[[ DATA EXCERPTS, beginning ]]

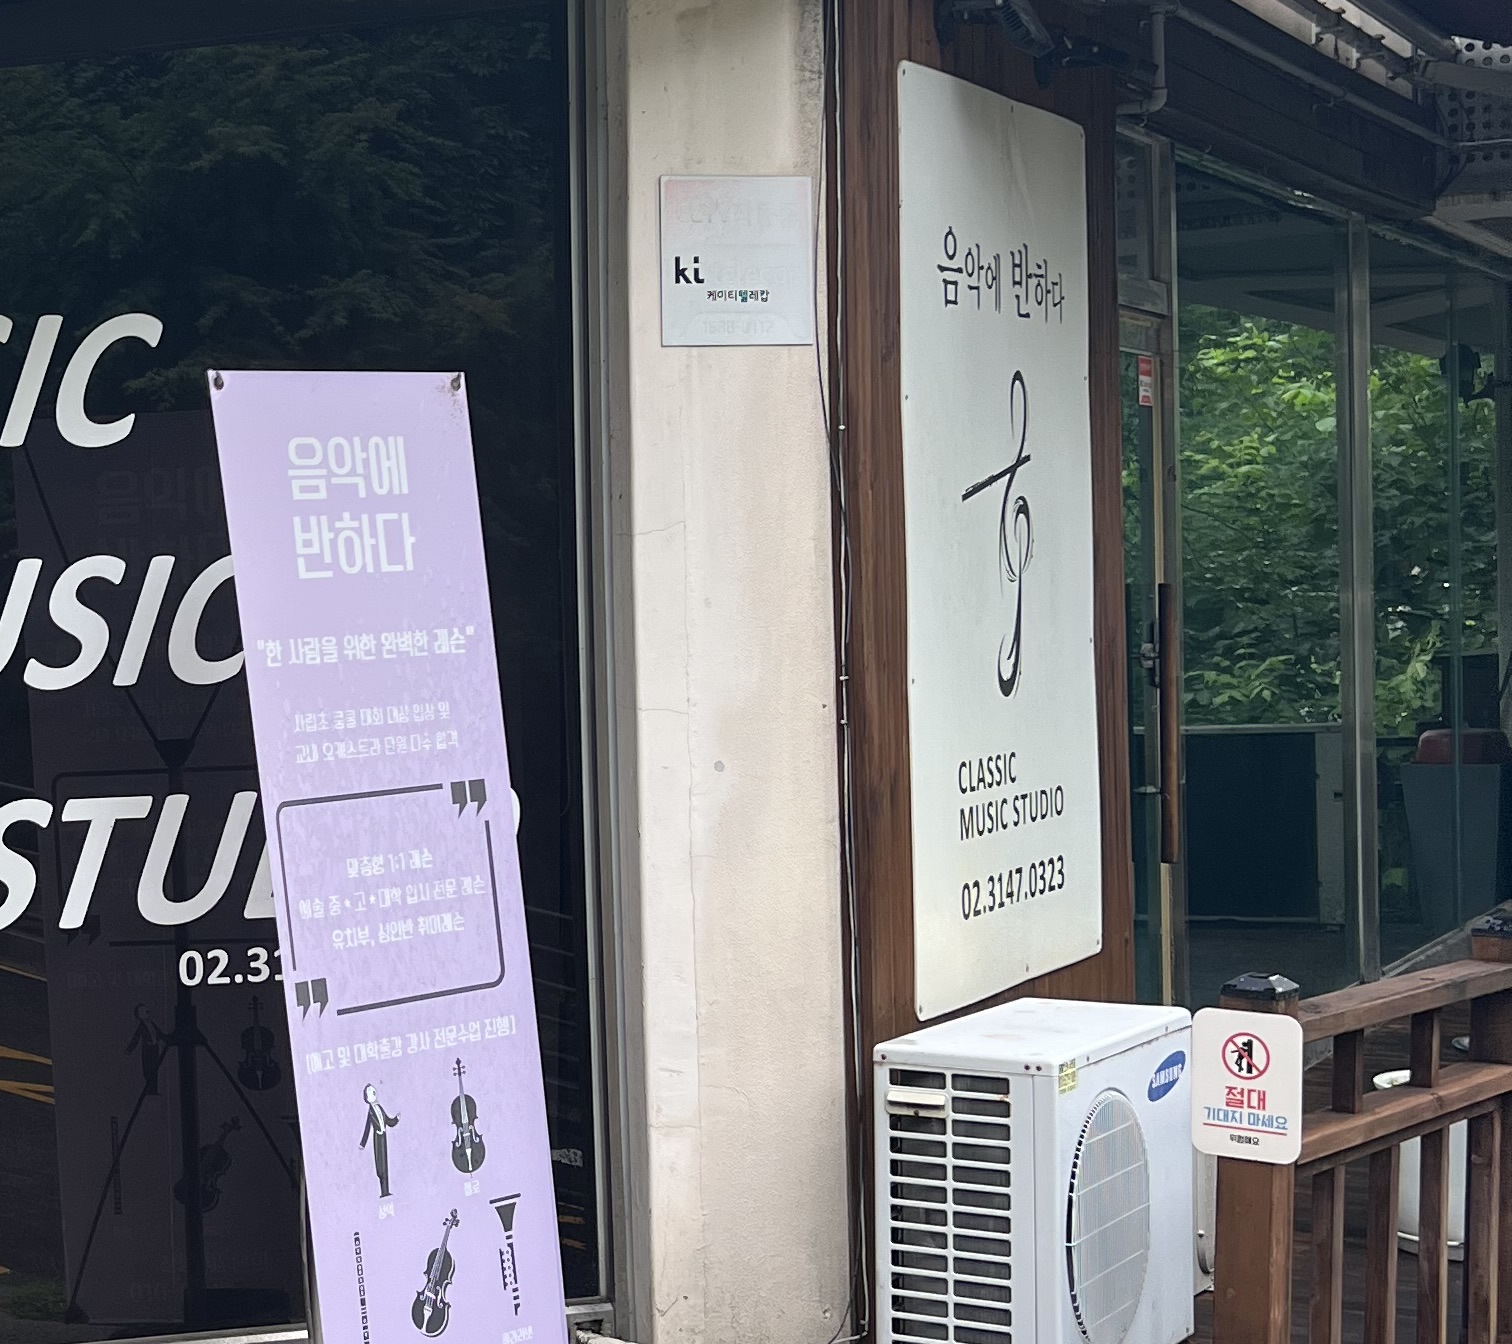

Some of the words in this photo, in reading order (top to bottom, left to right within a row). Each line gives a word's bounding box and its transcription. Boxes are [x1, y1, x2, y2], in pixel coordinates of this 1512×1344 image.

[937, 226, 1001, 314] 음악에
[1010, 242, 1065, 324] 반하다
[288, 436, 409, 501] 음악에
[292, 512, 417, 580] 반하다
[288, 636, 338, 664] 사람을
[343, 633, 377, 661] 위한
[381, 629, 429, 658] 완벽한
[958, 751, 1017, 794] CLASSIC
[959, 797, 1008, 841] MUSIC
[1013, 785, 1064, 827] STUDIO
[961, 854, 1065, 920] 02.3147.0323
[1203, 1106, 1243, 1125] 기대지
[1247, 1112, 1288, 1131] 마세요
[1225, 1085, 1266, 1111] 절대
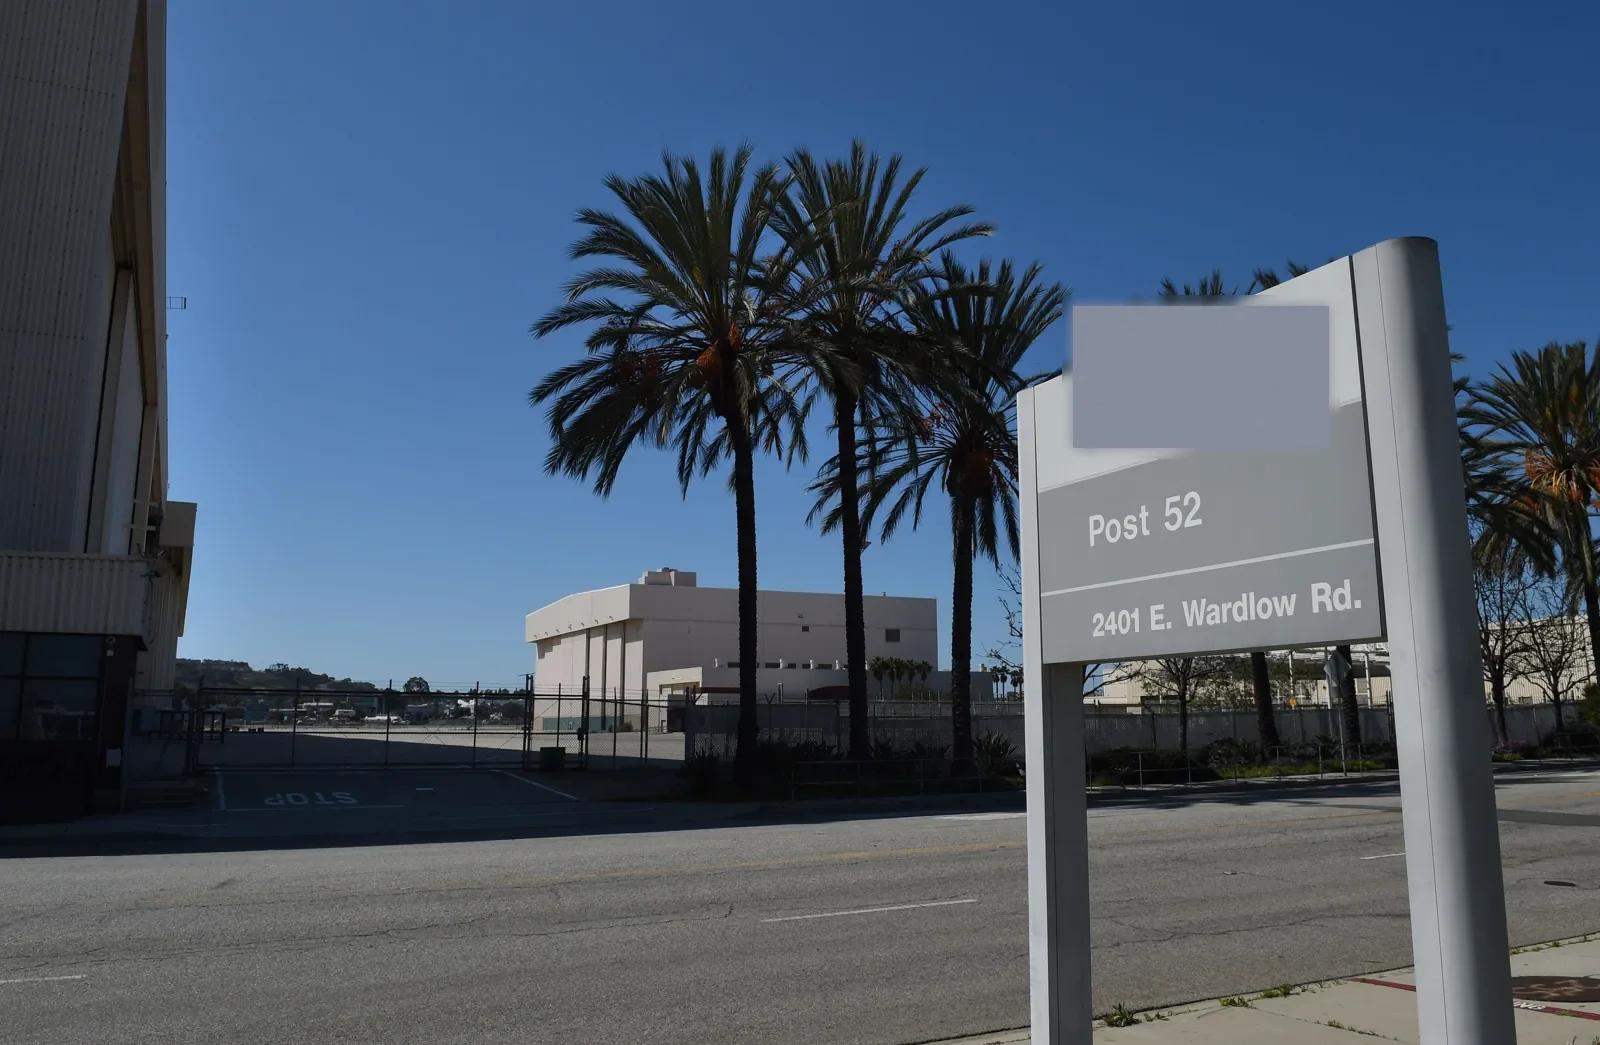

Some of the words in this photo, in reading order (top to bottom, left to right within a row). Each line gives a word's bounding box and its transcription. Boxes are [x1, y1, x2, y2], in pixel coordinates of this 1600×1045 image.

[1088, 505, 1150, 547] Post
[1164, 491, 1203, 531] 52
[1092, 607, 1140, 637] 2401
[1149, 603, 1172, 631] E.
[1181, 591, 1297, 627] Wardlow
[1310, 578, 1362, 614] Rd.
[263, 791, 358, 806] STOP
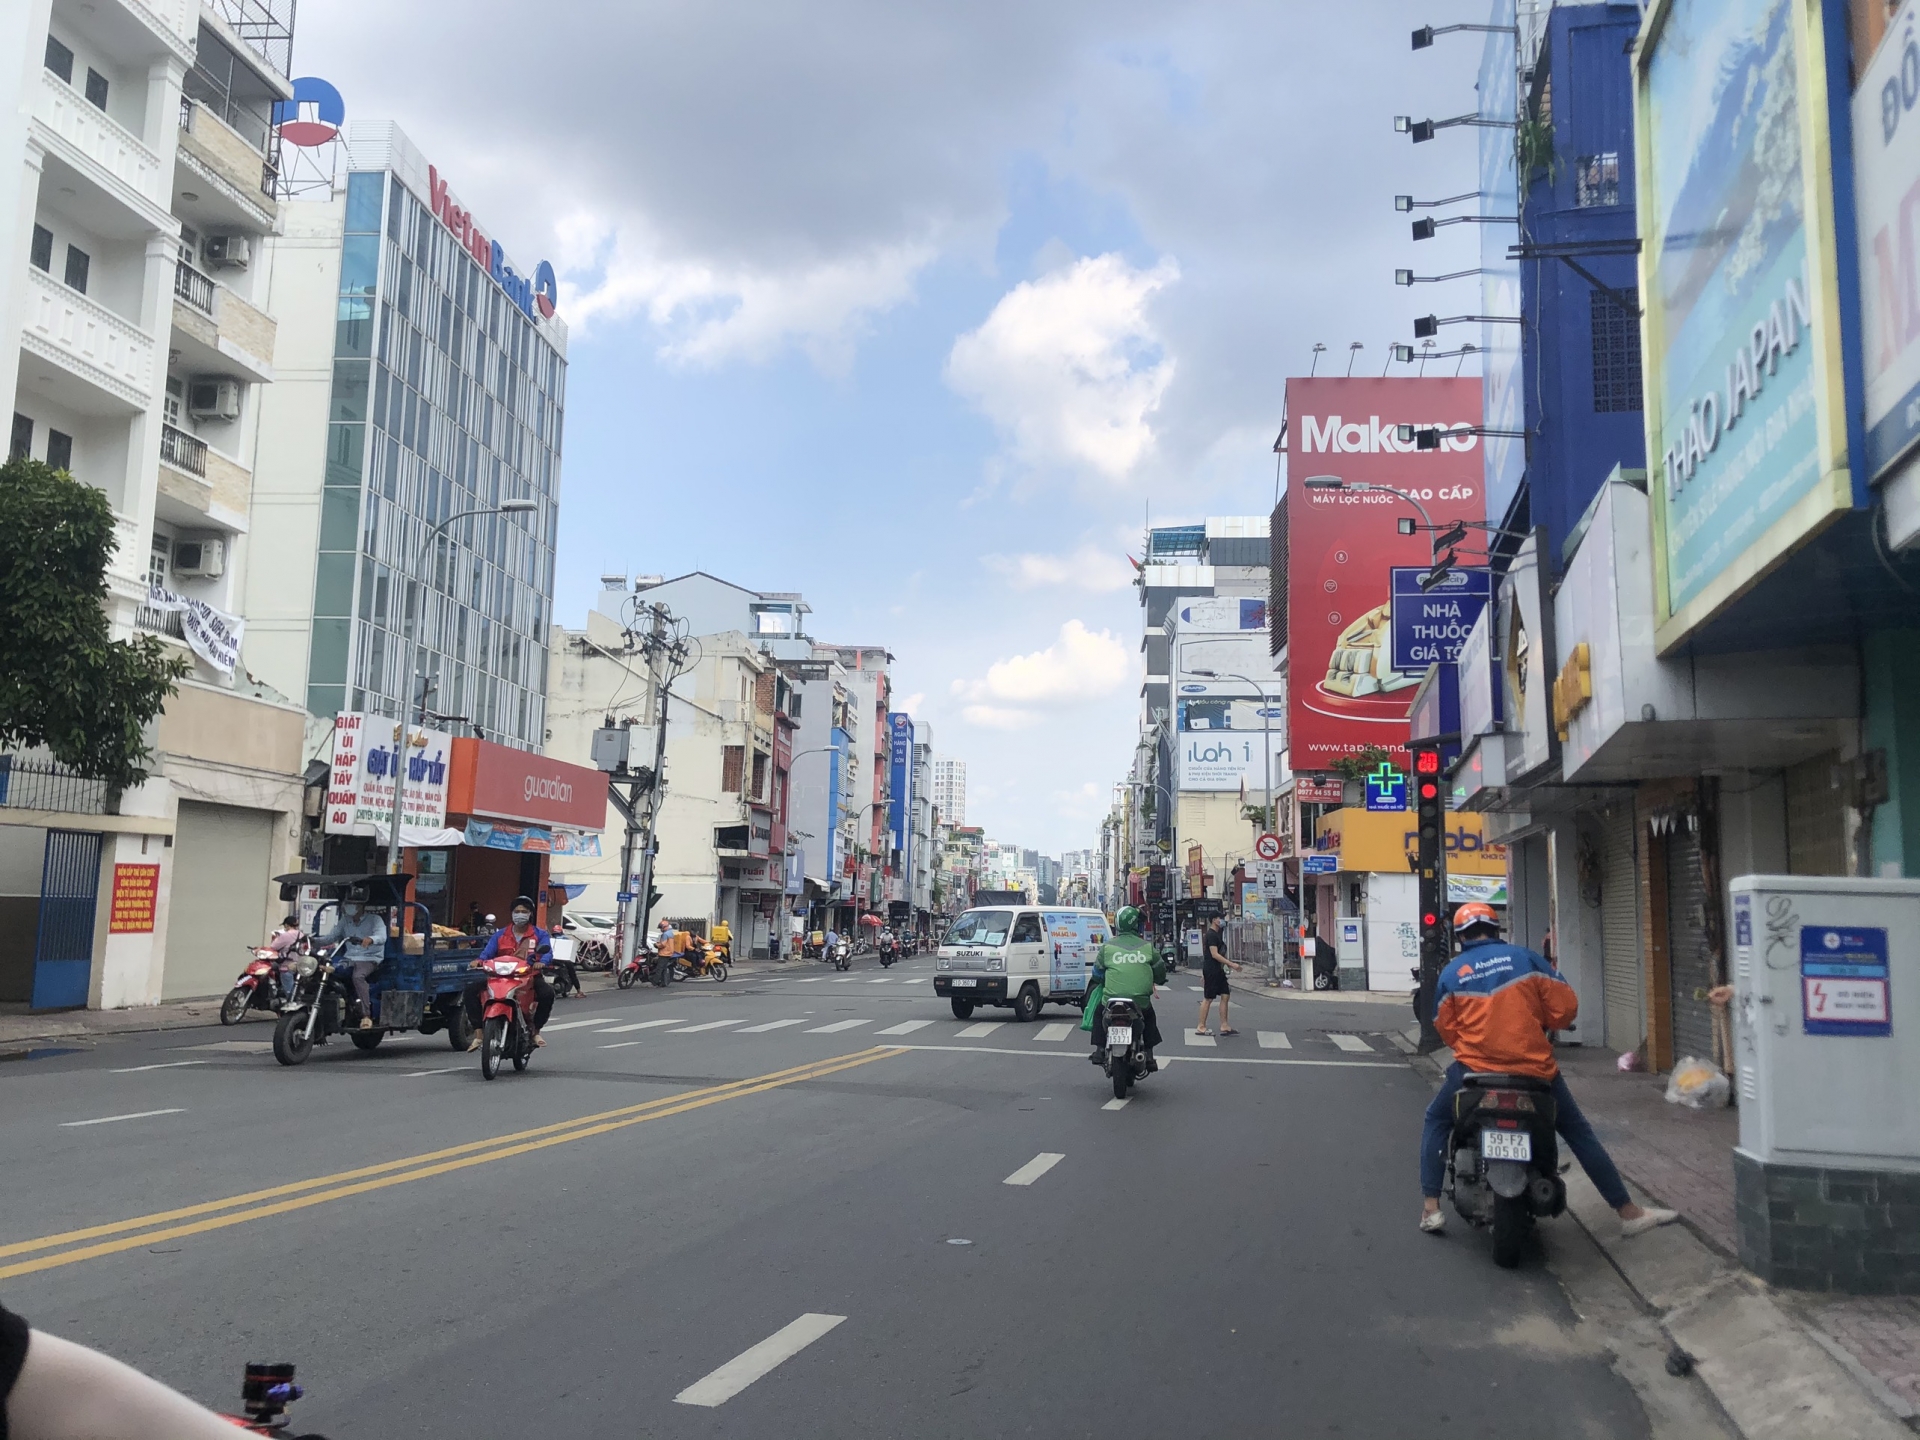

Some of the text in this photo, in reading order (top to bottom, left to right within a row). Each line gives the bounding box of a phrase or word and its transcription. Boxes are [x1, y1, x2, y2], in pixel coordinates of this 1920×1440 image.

[429, 164, 536, 321] VietinBank
[1662, 391, 1722, 502] THẢO
[1724, 258, 1811, 432] JAPAN
[1313, 493, 1394, 506] MÁY LỌC NƯỚC
[1397, 484, 1474, 500] CAO CẤP
[1423, 600, 1462, 618] NHÀ
[1412, 618, 1472, 639] THUỐC
[1410, 640, 1465, 661] GIÁ TỐ
[336, 715, 361, 732] GIẶT
[342, 732, 353, 748] ỦI
[335, 751, 357, 767] HẤP
[409, 750, 429, 782] HẤP
[428, 750, 446, 786] TẨY
[524, 773, 573, 804] guardian
[328, 789, 357, 805] QUẦN
[332, 808, 347, 824] ÁO
[742, 867, 765, 876] Tuấn
[1112, 951, 1147, 964] Grab
[1475, 955, 1512, 970] AhaMove
[1490, 1133, 1524, 1146] 59-F2
[1487, 1145, 1528, 1160] 305.80

[[ DATA EXCERPTS, end ]]

▶ [WORK ORDER]:
All lines from the one that contains "Some of the text" through the end of the material are to be quoted exactly, with both ends included.

▶ [FINISHED TASK]:
Some of the text in this photo, in reading order (top to bottom, left to right within a row). Each line gives the bounding box of a phrase or word and its transcription. Boxes are [x1, y1, x2, y2], in pixel coordinates of this 1920×1440 image.

[429, 164, 536, 321] VietinBank
[1662, 391, 1722, 502] THẢO
[1724, 258, 1811, 432] JAPAN
[1313, 493, 1394, 506] MÁY LỌC NƯỚC
[1397, 484, 1474, 500] CAO CẤP
[1423, 600, 1462, 618] NHÀ
[1412, 618, 1472, 639] THUỐC
[1410, 640, 1465, 661] GIÁ TỐ
[336, 715, 361, 732] GIẶT
[342, 732, 353, 748] ỦI
[335, 751, 357, 767] HẤP
[409, 750, 429, 782] HẤP
[428, 750, 446, 786] TẨY
[524, 773, 573, 804] guardian
[328, 789, 357, 805] QUẦN
[332, 808, 347, 824] ÁO
[742, 867, 765, 876] Tuấn
[1112, 951, 1147, 964] Grab
[1475, 955, 1512, 970] AhaMove
[1490, 1133, 1524, 1146] 59-F2
[1487, 1145, 1528, 1160] 305.80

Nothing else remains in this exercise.